Pashmina vs Agreeable Gray
Where Pashmina belongs to Benjamin Moore's range, Agreeable Gray is a Sherwin-Williams color. Pashmina reads as beige-greige, while Agreeable Gray reads as greige-grey — two distinct hue families, not close cousins. Agreeable Gray (LRV 60) reflects noticeably more light than Pashmina (LRV 44), a difference of 16 points that becomes especially apparent in rooms with limited natural light. Pashmina runs red while Agreeable Gray is decidedly warm, which means they'll respond very differently to warm vs cool light sources. The ΔE 9.9 gap is real but not dramatic — close enough to use together, distinct enough to matter as a choice. Below you'll find 5 real-room photo comparisons where both colors appear side by side, plus 5 simulated room previews.
Pashmina vs Agreeable Gray in Real Spaces
5 real rooms side by side. Pashmina and Agreeable Gray are close enough that the difference can be hard to judge from a chip alone — these photos show how each reads at scale, across different spaces and lighting conditions.
Living Room
In a living room, color works across both daylight and evening light — the same wall can read very differently at noon and at 8pm. The LRV gap is large enough that Agreeable Gray will make the room feel meaningfully brighter than Pashmina would.
Kitchen
In a kitchen, colors are seen under bright task lighting that amplifies undertones — what reads neutral elsewhere can show its hand here. Agreeable Gray reflects noticeably more light off the walls, making the space read more open than Pashmina.
Bathroom
Bathrooms are one of the few spaces where you're genuinely enclosed by the paint color, which makes the choice between these two more consequential. Agreeable Gray reflects noticeably more light off the walls, making the space read more open than Pashmina.
House
Seen across an entire facade, subtle tonal differences become pronounced. What reads as nearly the same on a chip often reads as clearly different at scale. Agreeable Gray reflects noticeably more light off the walls, making the space read more open than Pashmina.
Kitchen Cabinets
Kitchen cabinets are constantly compared against adjacent materials, which means subtle differences between these two become much more visible. Agreeable Gray reflects noticeably more light off the walls, making the space read more open than Pashmina.
Color Details
Pashmina vs Agreeable Gray Simulated Comparison
5 simulated room previews — drag the slider on each to see Pashmina on one side and Agreeable Gray on the other.
Digital color is approximate. These simulations are generated from the manufacturer's hex values and overlaid on grayscale room photos — your screen's calibration, brightness, and viewing angle all affect how they render. Before committing to either color, test physical samples in your own space under the light you actually live with.
More Pashmina comparisons
See how Pashmina stacks up against other well-photographed colors across different brands and tones.
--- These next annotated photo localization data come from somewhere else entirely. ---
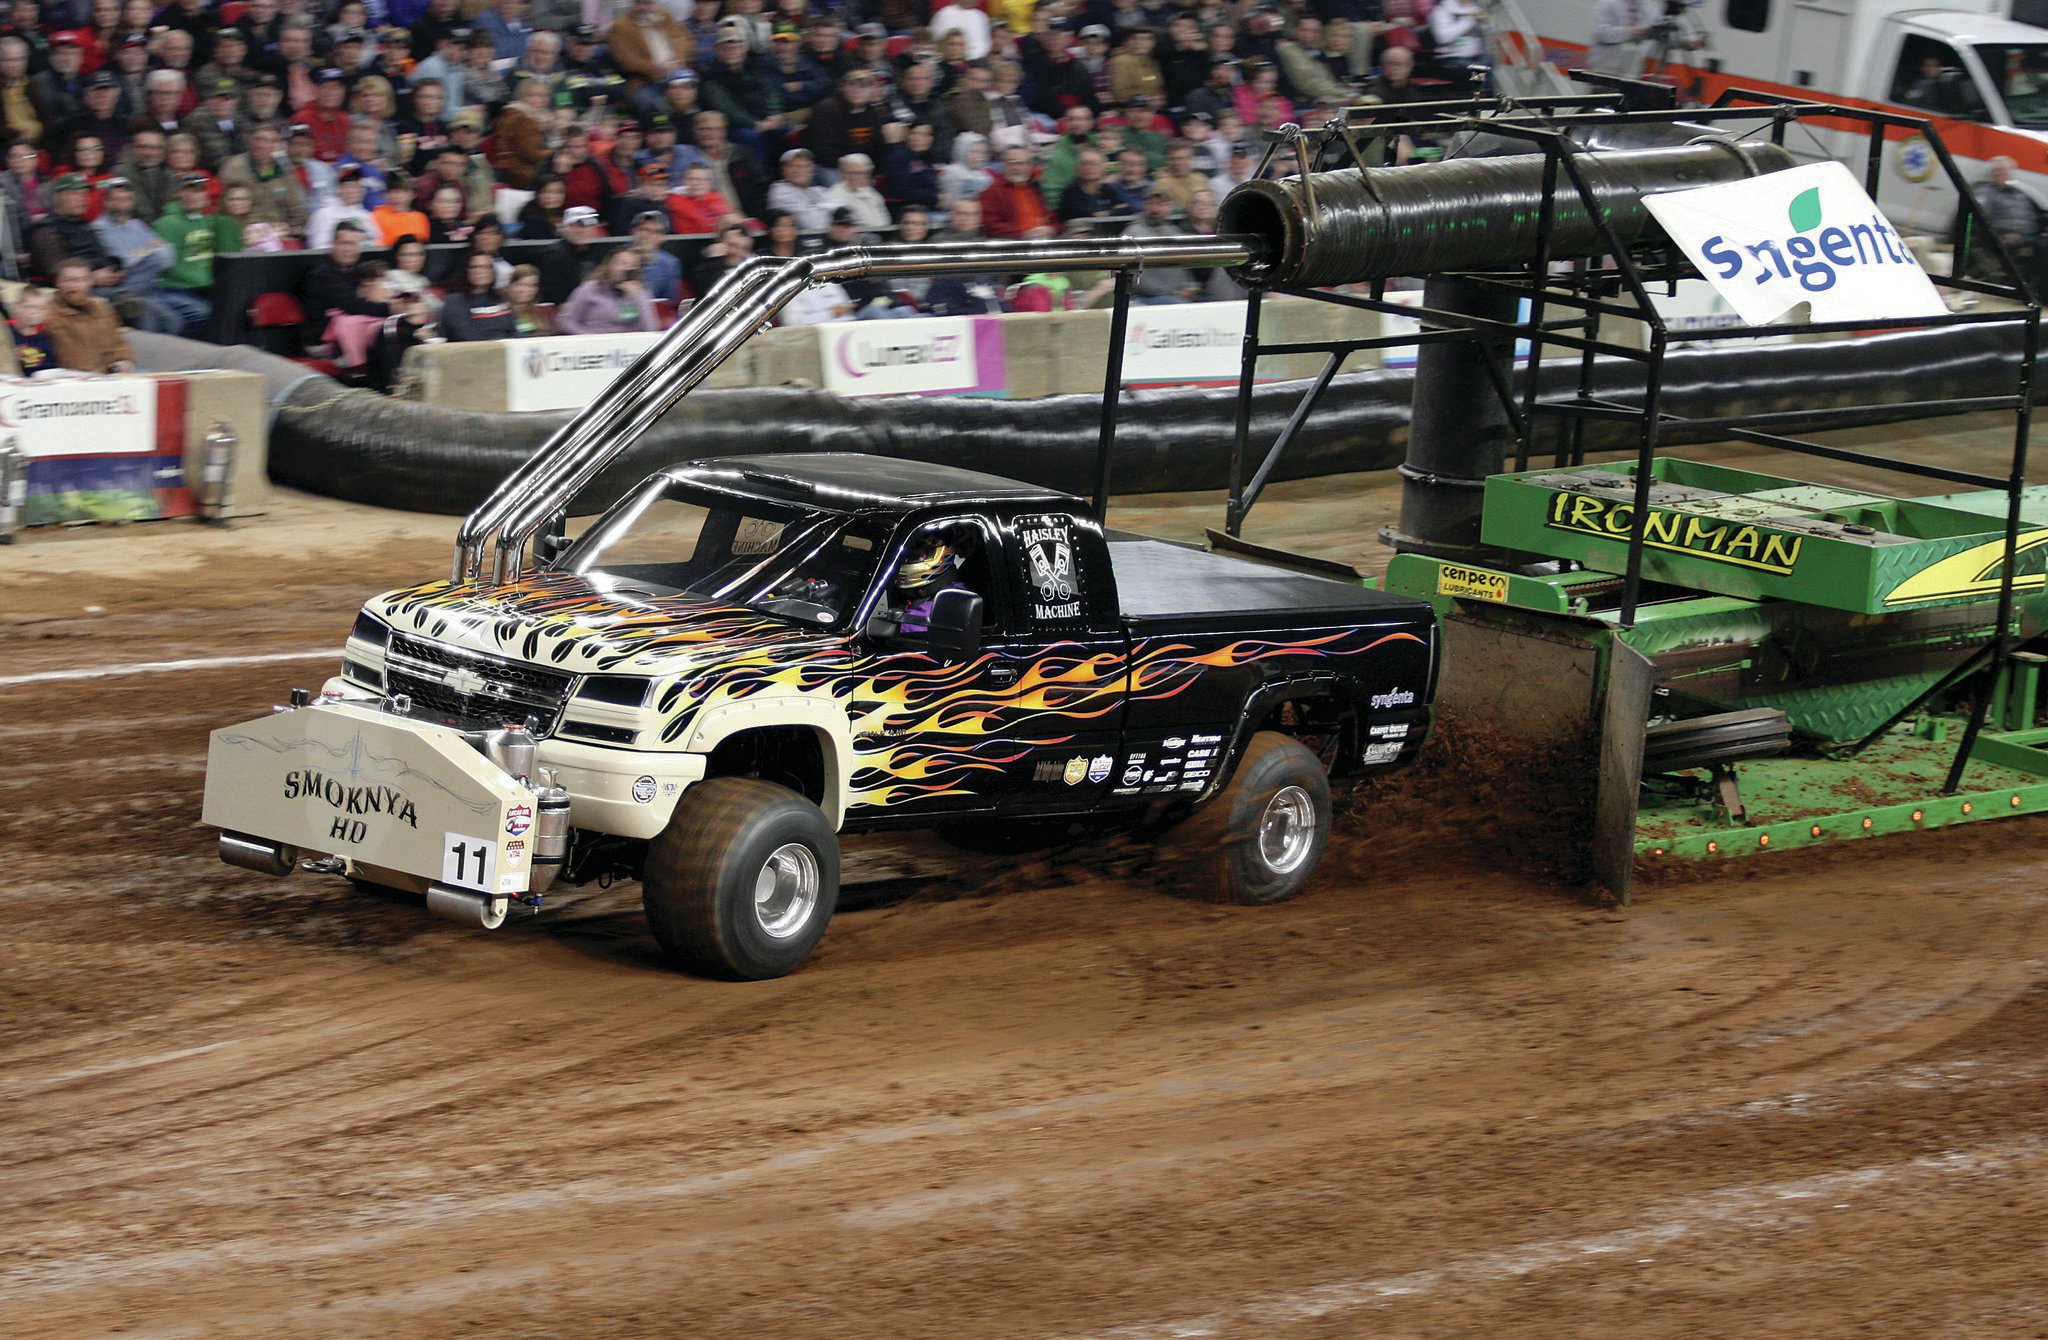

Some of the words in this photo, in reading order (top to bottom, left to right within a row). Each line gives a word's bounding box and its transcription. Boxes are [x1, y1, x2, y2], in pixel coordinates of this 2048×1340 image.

[1022, 525, 1070, 549] HAISLEY
[1551, 492, 1803, 567] IRONMAN
[1442, 566, 1506, 589] cenpeco
[1443, 583, 1495, 599] LUBRICANTS
[1034, 601, 1081, 619] MACHINE
[1370, 690, 1414, 709] syngenta
[1187, 749, 1212, 758] CASE
[1183, 770, 1211, 778] GEICO
[284, 768, 418, 829] SMOKNYA
[329, 815, 368, 844] HD
[451, 841, 487, 885] 11
At LRV 83 vs 44, White Dove is decisively the brighter choice.


Purbeck Stone reads slightly lighter (LRV 52 vs 44), a gap that shows most in low-lit rooms.


Pashmina reflects far more light (LRV 44 vs 30), opening up a space where Evergreen Fog encloses it.
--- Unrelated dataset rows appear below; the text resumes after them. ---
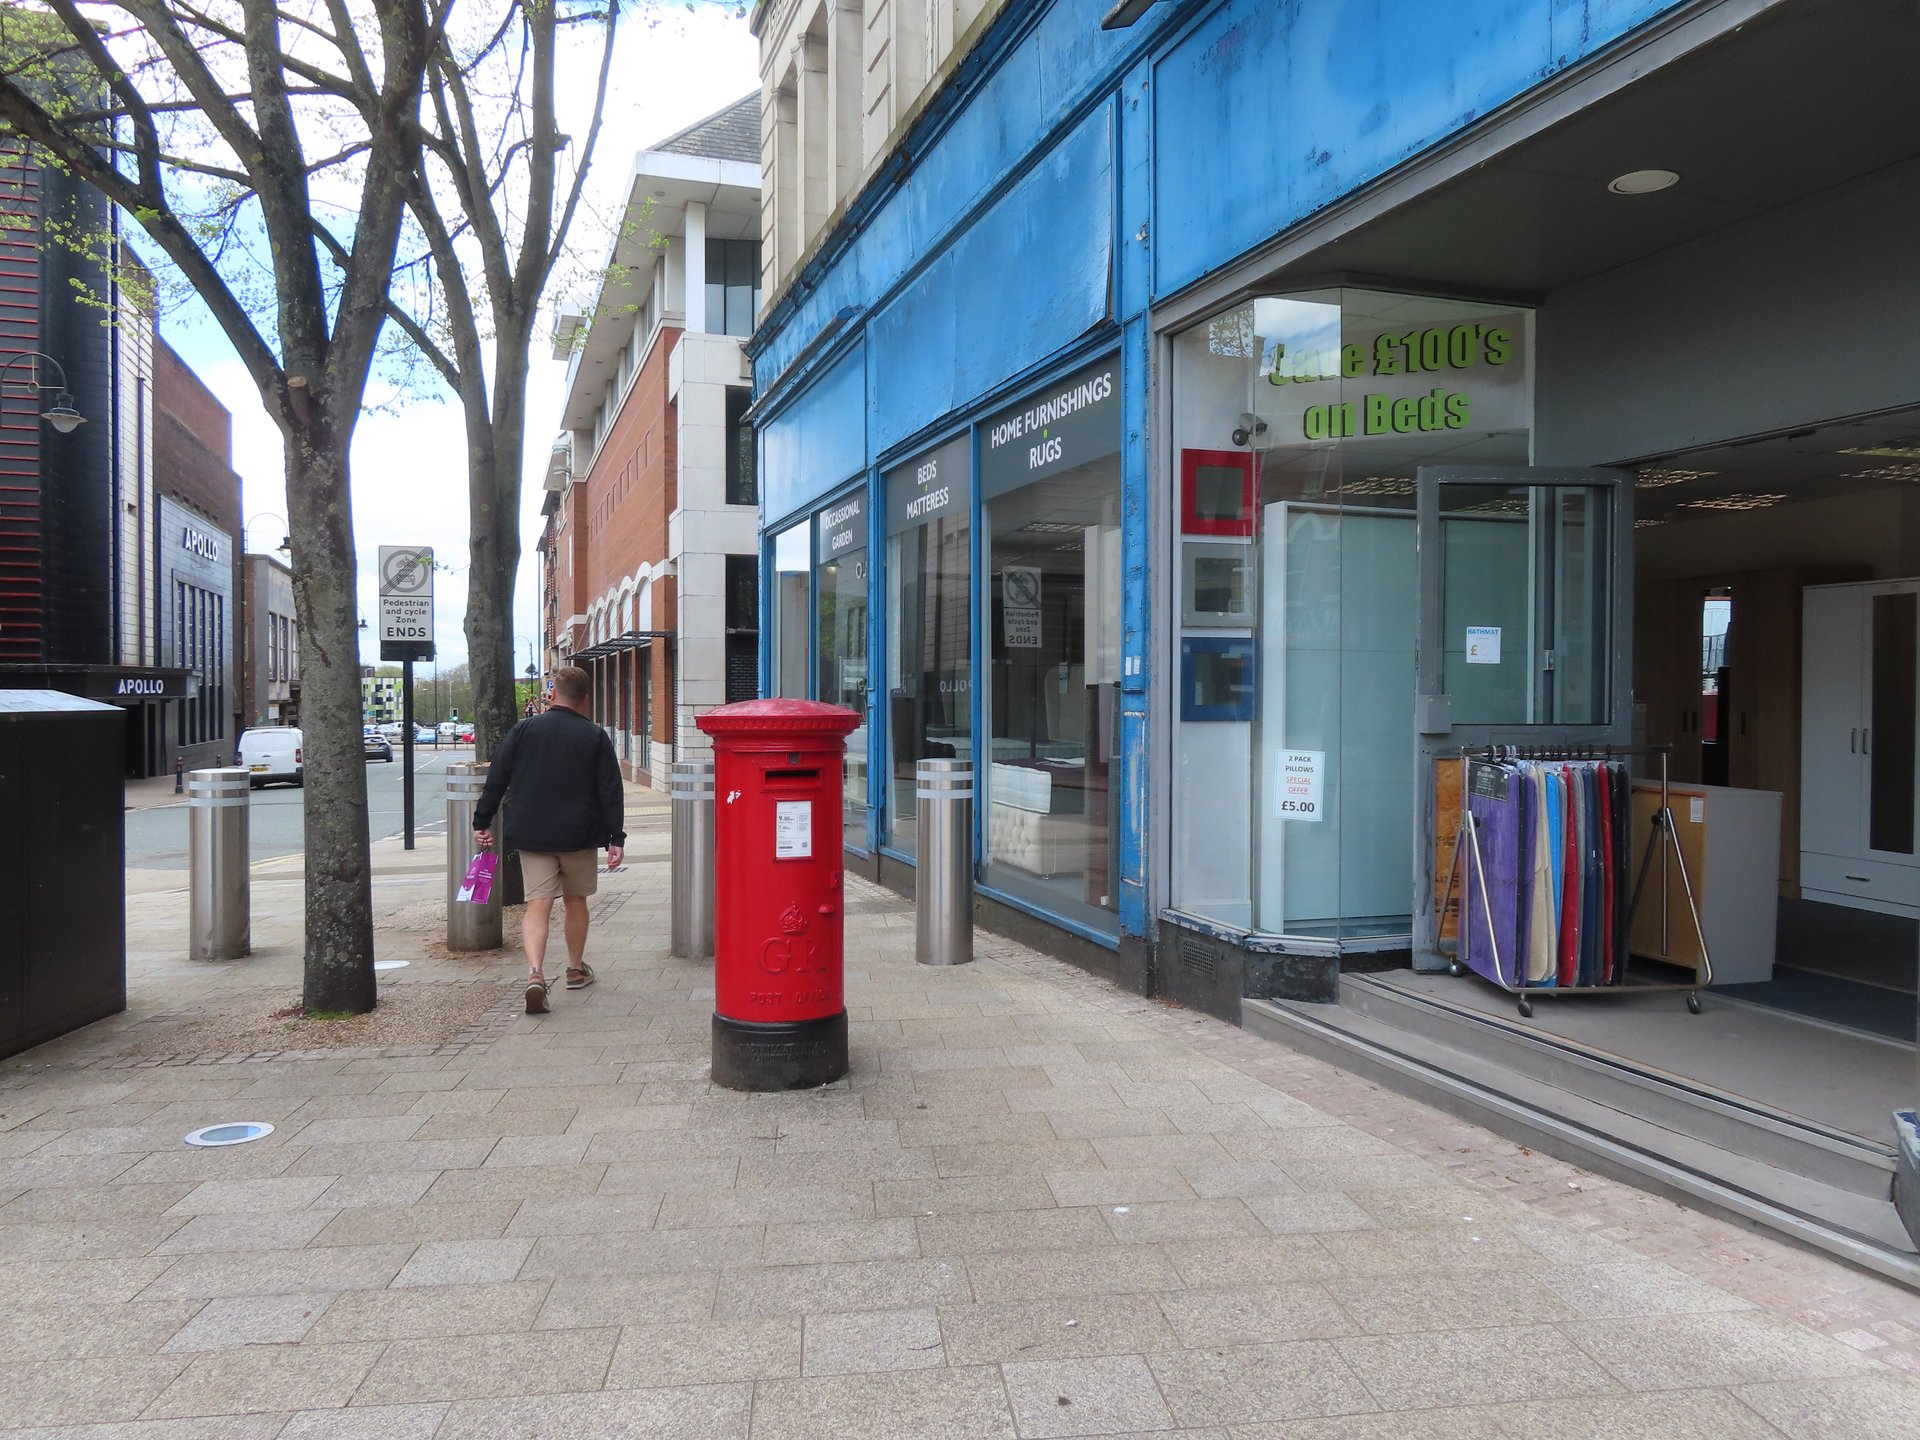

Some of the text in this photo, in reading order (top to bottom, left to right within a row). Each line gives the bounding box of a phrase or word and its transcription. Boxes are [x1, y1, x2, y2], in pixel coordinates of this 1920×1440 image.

[1372, 324, 1512, 376] £100's
[991, 372, 1111, 449] HOME FURNISHINGS
[1303, 387, 1471, 440] on Beds
[1029, 436, 1062, 470] RUGS
[917, 460, 937, 485] BEDS
[825, 499, 860, 529] OCCASSIONAL
[906, 486, 949, 520] MATTERESS
[184, 527, 218, 562] APOLLO
[832, 528, 853, 550] GARDEN
[404, 608, 427, 616] cycle
[387, 626, 426, 637] ENDS
[118, 679, 164, 694] APOLLO
[1286, 776, 1311, 784] SPECIAL
[1281, 800, 1315, 812] £5.00
[750, 992, 783, 1006] POST
At LRV 58 vs 44, Accessible Beige is decisively the brighter choice.


At LRV 44 vs 27, Pashmina is decisively the brighter choice.


With LRVs of 44 and 43, the two reflect almost the same amount of light.
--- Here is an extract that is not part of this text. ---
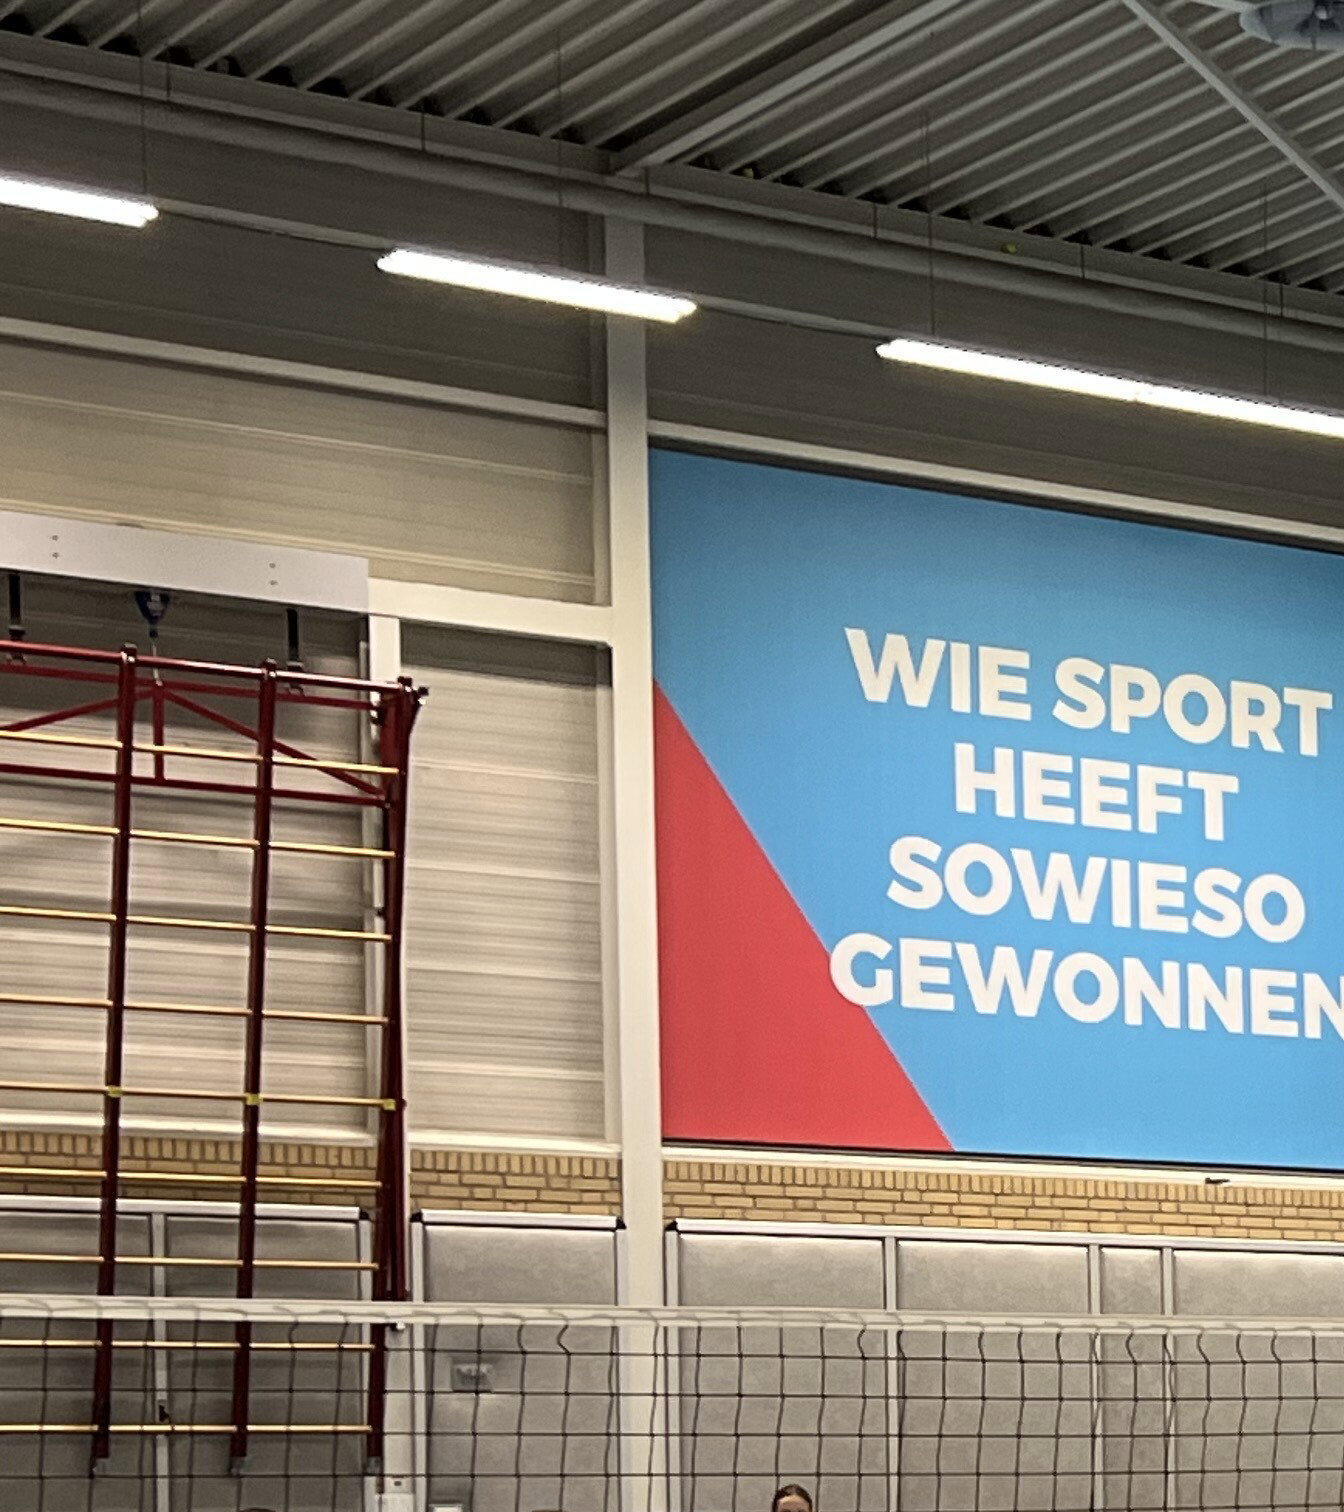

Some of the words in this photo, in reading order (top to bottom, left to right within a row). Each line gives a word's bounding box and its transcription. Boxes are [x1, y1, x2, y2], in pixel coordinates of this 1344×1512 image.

[844, 627, 1032, 719] WIE
[1052, 656, 1334, 758] SPORT
[953, 742, 1239, 842] HEEFT
[886, 835, 1306, 944] SOWIESO
A 11-point LRV gap (55 vs 44) makes Tranquil Dawn the marginally brighter of the two.



Their light reflectance is nearly identical (LRV 44 vs 44), so neither reads brighter in a room.


Pure White reflects far more light (LRV 84 vs 44), opening up a space where Pashmina encloses it.


At LRV 66 vs 44, Balboa Mist is decisively the brighter choice.


At LRV 74 vs 44, Shoji White is decisively the brighter choice.


At LRV 44 vs 12, Pashmina is decisively the brighter choice.


At LRV 68 vs 44, Skimming Stone is decisively the brighter choice.


At LRV 44 vs 12, Pashmina is decisively the brighter choice.


Their light reflectance is nearly identical (LRV 45 vs 44), so neither reads brighter in a room.


Pashmina reflects far more light (LRV 44 vs 31), opening up a space where Pale Green encloses it.


Pashmina reflects far more light (LRV 44 vs 7), opening up a space where Pine Needle encloses it.


Pashmina reflects far more light (LRV 44 vs 24), opening up a space where Cement grey encloses it.


Guilford Green reflects far more light (LRV 57 vs 44), opening up a space where Pashmina encloses it.


Just Walnut reflects far more light (LRV 72 vs 44), opening up a space where Pashmina encloses it.